Improving estimation of the volume under the ROC surface when data are missing not at random

Duc-Khanh To; Gianfranco Adimari; Monica Chiogna

arxiv: 1906.08735 · v1 · pith:7WGP4VVXnew · submitted 2019-06-20 · 📊 stat.ME · stat.AP

Improving estimation of the volume under the ROC surface when data are missing not at random

Duc-Khanh To , Gianfranco Adimari , Monica Chiogna This is my paper

Pith reviewed 2026-05-25 19:05 UTC · model grok-4.3

classification 📊 stat.ME stat.AP

keywords VUS estimationverification biasnonignorable missingnessmean score equationsROC surfacediagnostic accuracymissing not at randombias correction

0 comments

The pith

Mean score equations produce consistent estimators for the volume under the ROC surface under nonignorable verification bias.

A machine-rendered reading of the paper's core claim, the machinery that carries it, and where it could break.

The paper develops a method to estimate the volume under the ROC surface for a diagnostic test when some disease statuses are missing in a nonignorable way. It uses a parametric model for which subjects get verified, possibly aided by instrumental variables, and solves mean score equations after estimating disease probabilities only among verified cases. This yields four bias-corrected estimators whose consistency and asymptotic normality are derived. The method is checked in simulations and illustrated on an ovarian cancer dataset.

Core claim

By deriving and solving mean score equations from a parametric regression model of the verification process, four estimators for the volume under the ROC surface can be constructed that correct for nonignorable verification bias, achieve consistency, and possess asymptotic normality, with the disease model needed only for verified subjects.

What carries the argument

Mean score equation derived from the parametric verification model, which uses estimated verification and disease probabilities to adjust the VUS calculation for missingness.

If this is right

The estimators are consistent when the verification model is correct.
Asymptotic normality holds and supports inference procedures.
Instrumental variables can be used to address identifiability in the verification model.
The disease model needs to be specified only for verified subjects.
Four distinct estimators can be formed from different combinations of the estimated probabilities.

Where Pith is reading between the lines

These are editorial extensions of the paper, not claims the author makes directly.

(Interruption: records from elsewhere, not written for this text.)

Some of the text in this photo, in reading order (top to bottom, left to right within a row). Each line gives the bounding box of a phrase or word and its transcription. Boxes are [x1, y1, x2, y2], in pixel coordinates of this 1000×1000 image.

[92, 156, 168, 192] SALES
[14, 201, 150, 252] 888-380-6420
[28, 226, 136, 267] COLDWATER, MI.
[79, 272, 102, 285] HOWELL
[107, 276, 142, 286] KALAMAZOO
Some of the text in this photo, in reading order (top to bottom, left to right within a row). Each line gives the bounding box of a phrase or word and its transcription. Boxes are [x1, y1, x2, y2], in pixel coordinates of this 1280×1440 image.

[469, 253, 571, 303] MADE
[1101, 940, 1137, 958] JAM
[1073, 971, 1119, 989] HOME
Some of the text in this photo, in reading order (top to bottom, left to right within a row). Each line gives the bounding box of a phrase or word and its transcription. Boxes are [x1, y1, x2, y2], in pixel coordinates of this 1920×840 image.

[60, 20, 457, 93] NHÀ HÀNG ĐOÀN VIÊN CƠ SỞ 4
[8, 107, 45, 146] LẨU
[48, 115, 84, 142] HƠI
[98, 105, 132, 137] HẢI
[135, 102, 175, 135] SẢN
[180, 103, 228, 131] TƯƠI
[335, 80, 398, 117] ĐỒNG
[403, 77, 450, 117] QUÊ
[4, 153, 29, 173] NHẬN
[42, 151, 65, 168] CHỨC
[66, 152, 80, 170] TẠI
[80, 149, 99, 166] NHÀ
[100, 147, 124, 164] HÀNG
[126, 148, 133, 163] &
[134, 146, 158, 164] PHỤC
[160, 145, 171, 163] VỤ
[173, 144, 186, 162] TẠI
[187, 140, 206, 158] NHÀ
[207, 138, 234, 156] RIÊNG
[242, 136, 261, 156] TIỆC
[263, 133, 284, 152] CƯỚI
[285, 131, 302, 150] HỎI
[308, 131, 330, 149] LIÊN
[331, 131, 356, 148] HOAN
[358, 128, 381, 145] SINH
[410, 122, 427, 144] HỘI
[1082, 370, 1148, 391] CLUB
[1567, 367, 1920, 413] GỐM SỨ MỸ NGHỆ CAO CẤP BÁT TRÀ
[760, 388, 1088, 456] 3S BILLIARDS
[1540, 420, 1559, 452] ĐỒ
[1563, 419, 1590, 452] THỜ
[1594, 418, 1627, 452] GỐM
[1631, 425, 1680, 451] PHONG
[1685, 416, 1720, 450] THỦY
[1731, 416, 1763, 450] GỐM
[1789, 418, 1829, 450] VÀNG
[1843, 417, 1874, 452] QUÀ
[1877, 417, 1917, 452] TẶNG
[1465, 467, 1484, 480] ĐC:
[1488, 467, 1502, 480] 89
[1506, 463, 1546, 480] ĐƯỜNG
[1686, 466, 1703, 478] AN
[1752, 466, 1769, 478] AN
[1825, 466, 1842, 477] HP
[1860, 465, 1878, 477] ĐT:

The mean-score route may prove simpler to implement than full-likelihood maximization in some settings.
Similar score-equation adjustments could be explored for other diagnostic accuracy summaries under missing data.
Relaxing the verification model to semiparametric form would be a natural next step to test robustness.

Load-bearing premise

The parametric regression model for the verification process must be correctly specified.

What would settle it

A simulation in which the verification model is misspecified and the resulting VUS estimators exhibit persistent bias or fail to converge to the true value.

read the original abstract

In this paper, we propose a mean score equation-based approach to estimate the the volume under the receiving operating characteristic (ROC) surface (VUS) of a diagnostic test, under nonignorable (NI) verification bias. The proposed approach involves a parametric regression model for the verification process, which accommodates for possible NI missingness in the disease status of sample subjects, and may use instrumental variables, which help avoid possible identifiability problems. In order to solve the mean score equation derived by the chosen verification model, we preliminarily need to estimate the parameters of a model for the disease process, but its specification is required only for verified subjects under study. Then, by using the estimated verification and disease probabilities, we obtain four verification bias-corrected VUS estimators, which are alternative to those recently proposed by To Duc et al. (2019), based on a full likelihood approach. Consistency and asymptotic normality of the new estimators are established. Simulation experiments are conducted to evaluate their finite sample performances, and an application to a dataset from a research on epithelial ovarian cancer is presented.

Editorial analysis

A structured set of objections, weighed in public.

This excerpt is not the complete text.